▸ **DATASET EXCERPTS**
..........

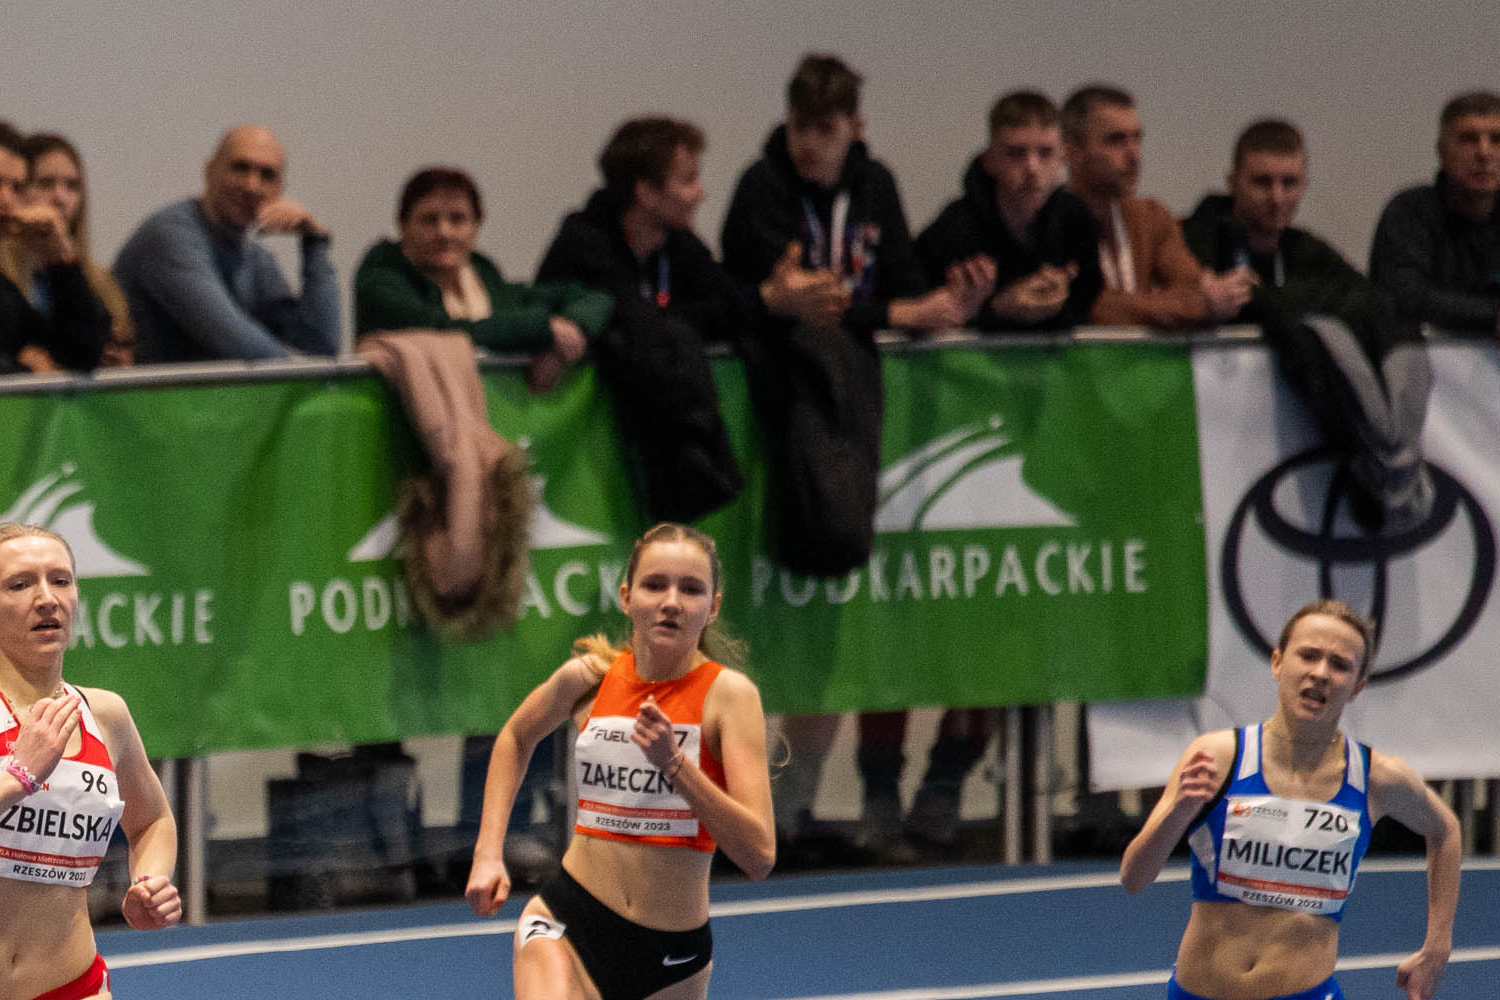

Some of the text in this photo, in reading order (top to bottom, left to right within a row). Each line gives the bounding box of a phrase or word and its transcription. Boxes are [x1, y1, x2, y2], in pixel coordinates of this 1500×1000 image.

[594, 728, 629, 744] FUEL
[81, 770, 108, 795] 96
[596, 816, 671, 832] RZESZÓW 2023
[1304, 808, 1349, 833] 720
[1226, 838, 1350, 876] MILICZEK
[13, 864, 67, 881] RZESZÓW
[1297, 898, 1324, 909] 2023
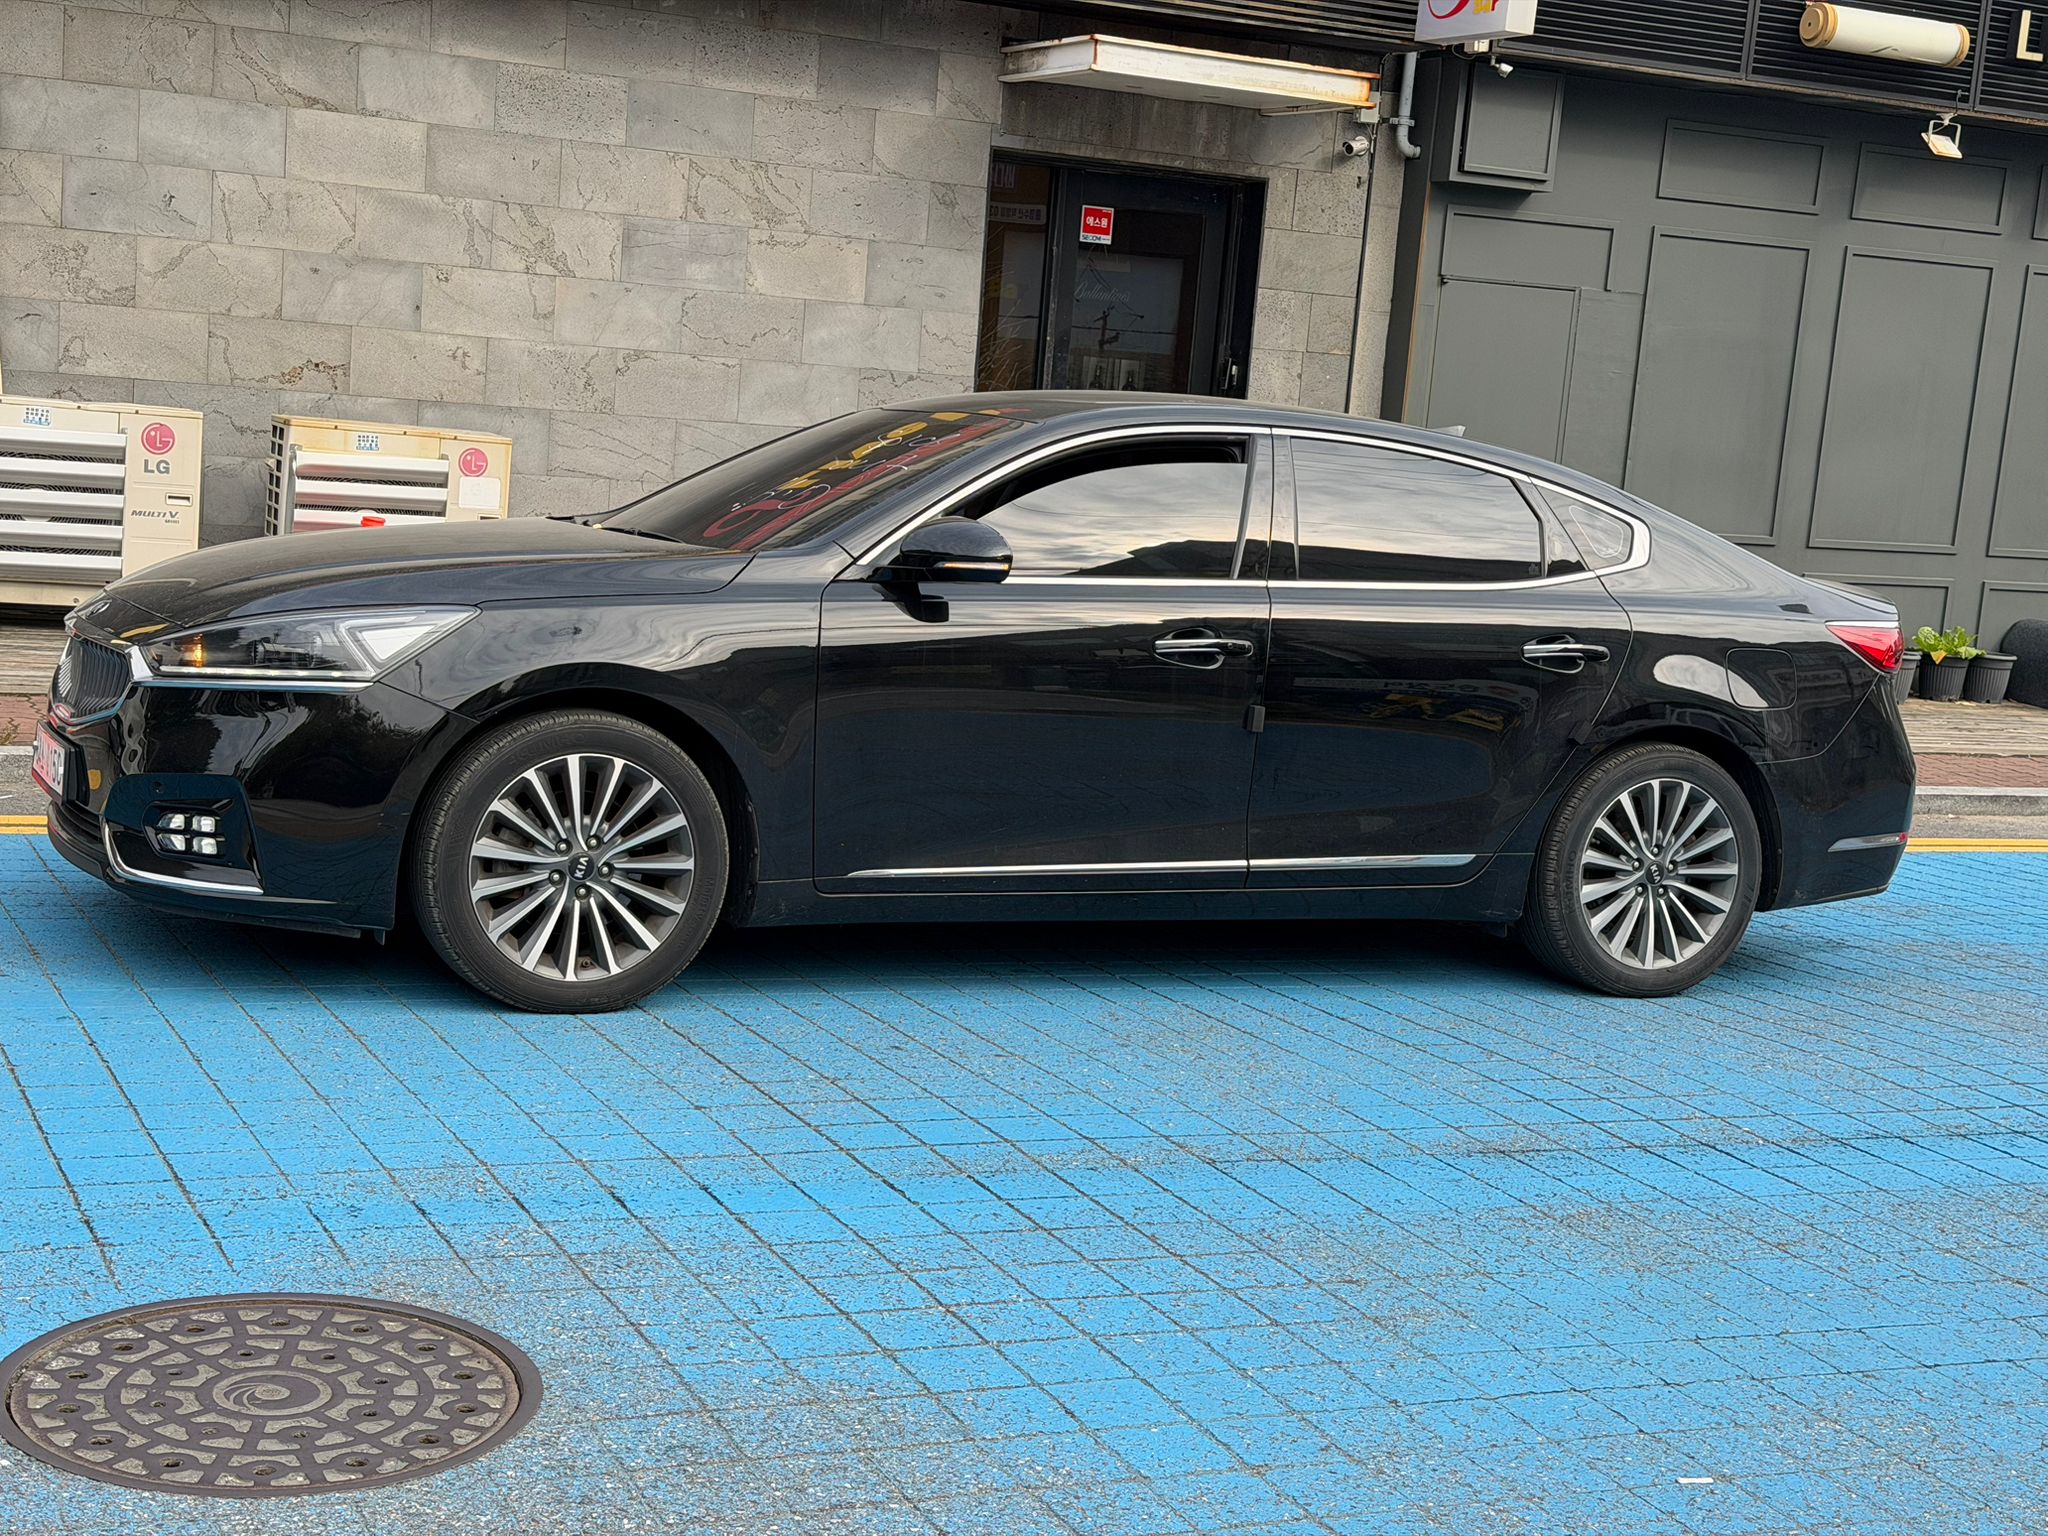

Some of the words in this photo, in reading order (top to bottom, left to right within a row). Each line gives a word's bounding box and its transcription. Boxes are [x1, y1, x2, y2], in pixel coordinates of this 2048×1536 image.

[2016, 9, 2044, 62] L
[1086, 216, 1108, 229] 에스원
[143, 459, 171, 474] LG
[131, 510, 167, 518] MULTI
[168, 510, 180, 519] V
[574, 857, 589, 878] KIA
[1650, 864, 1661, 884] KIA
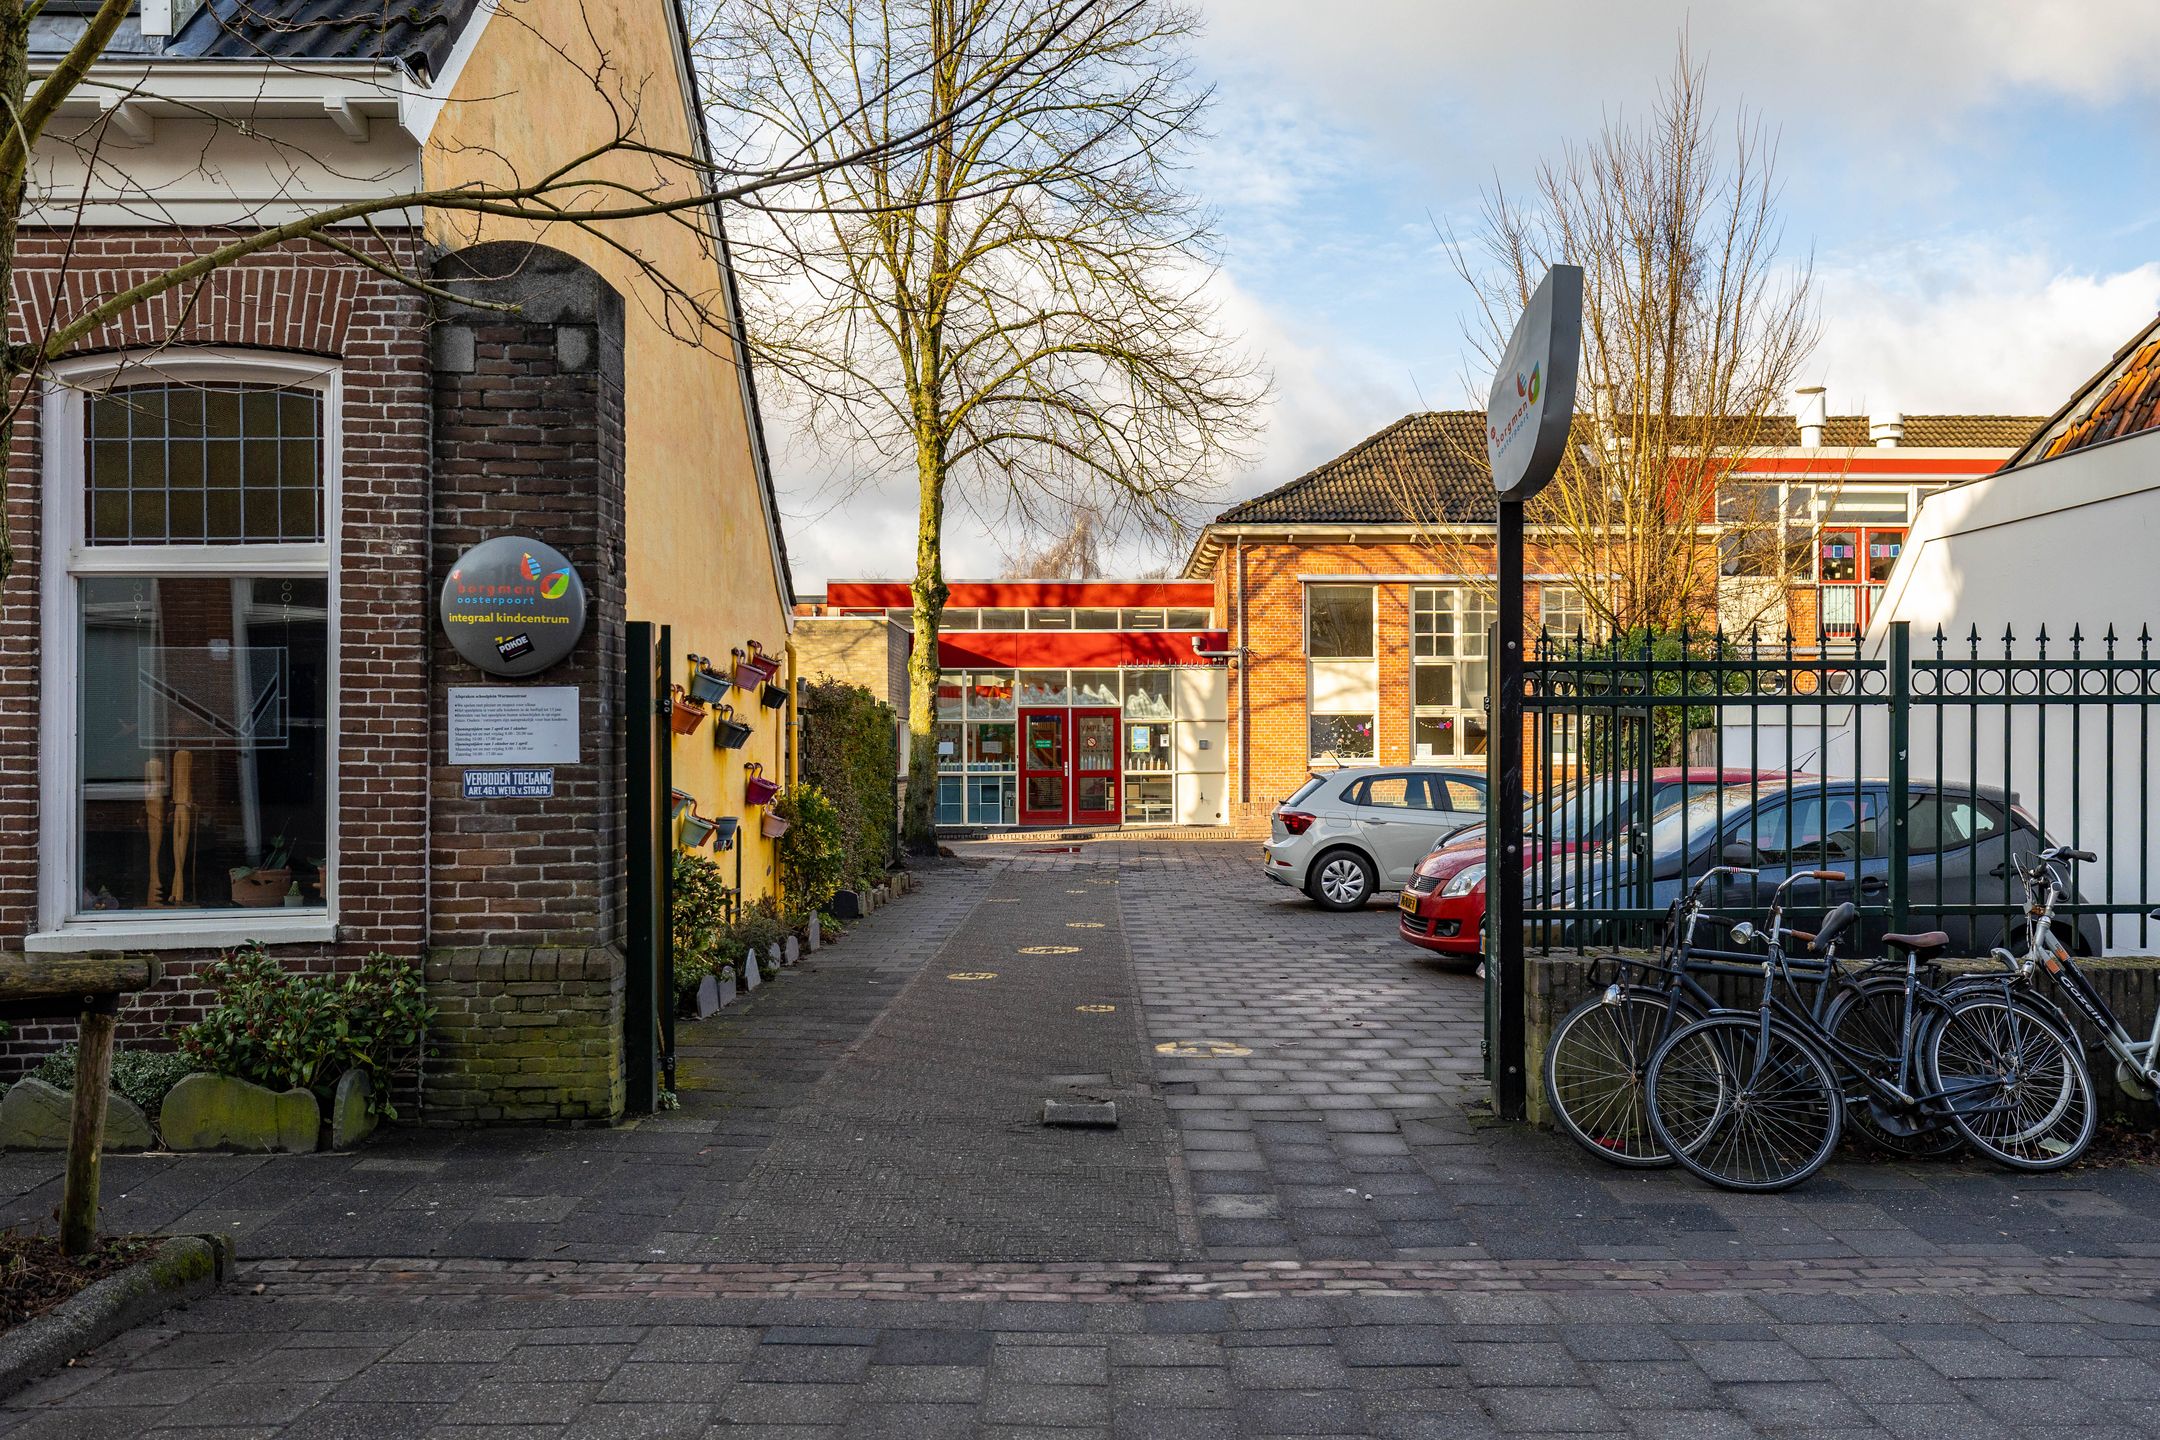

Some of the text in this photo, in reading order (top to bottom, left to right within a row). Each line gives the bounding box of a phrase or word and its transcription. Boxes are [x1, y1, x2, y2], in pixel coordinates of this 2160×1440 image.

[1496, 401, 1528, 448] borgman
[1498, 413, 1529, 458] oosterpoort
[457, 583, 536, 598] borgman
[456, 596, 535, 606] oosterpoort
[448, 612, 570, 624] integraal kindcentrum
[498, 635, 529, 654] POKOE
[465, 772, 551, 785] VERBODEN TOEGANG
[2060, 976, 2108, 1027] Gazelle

..........

If a record holds a picture, leave the picture out and copy everything else exactly.

Some of the text in this photo, in reading order (top to bottom, left to right within a row). Each line gives the bounding box of a phrase or word and its transcription. Boxes are [x1, y1, x2, y2], in pixel coordinates of this 1500×1000 image.

[594, 728, 629, 744] FUEL
[81, 770, 108, 795] 96
[596, 816, 671, 832] RZESZÓW 2023
[1304, 808, 1349, 833] 720
[1226, 838, 1350, 876] MILICZEK
[13, 864, 67, 881] RZESZÓW
[1297, 898, 1324, 909] 2023

Some of the words in this photo, in reading order (top to bottom, left to right within a row). Each line gives a word's bounding box and its transcription. Boxes are [x1, y1, x2, y2], in pixel coordinates of this 2048×1536 image.

[2016, 9, 2044, 62] L
[1086, 216, 1108, 229] 에스원
[143, 459, 171, 474] LG
[131, 510, 167, 518] MULTI
[168, 510, 180, 519] V
[574, 857, 589, 878] KIA
[1650, 864, 1661, 884] KIA

Some of the text in this photo, in reading order (top to bottom, left to right within a row). Each line gives the bounding box of a phrase or word and its transcription. Boxes are [x1, y1, x2, y2], in pixel coordinates of this 2160×1440 image.

[1496, 401, 1528, 448] borgman
[1498, 413, 1529, 458] oosterpoort
[457, 583, 536, 598] borgman
[456, 596, 535, 606] oosterpoort
[448, 612, 570, 624] integraal kindcentrum
[498, 635, 529, 654] POKOE
[465, 772, 551, 785] VERBODEN TOEGANG
[2060, 976, 2108, 1027] Gazelle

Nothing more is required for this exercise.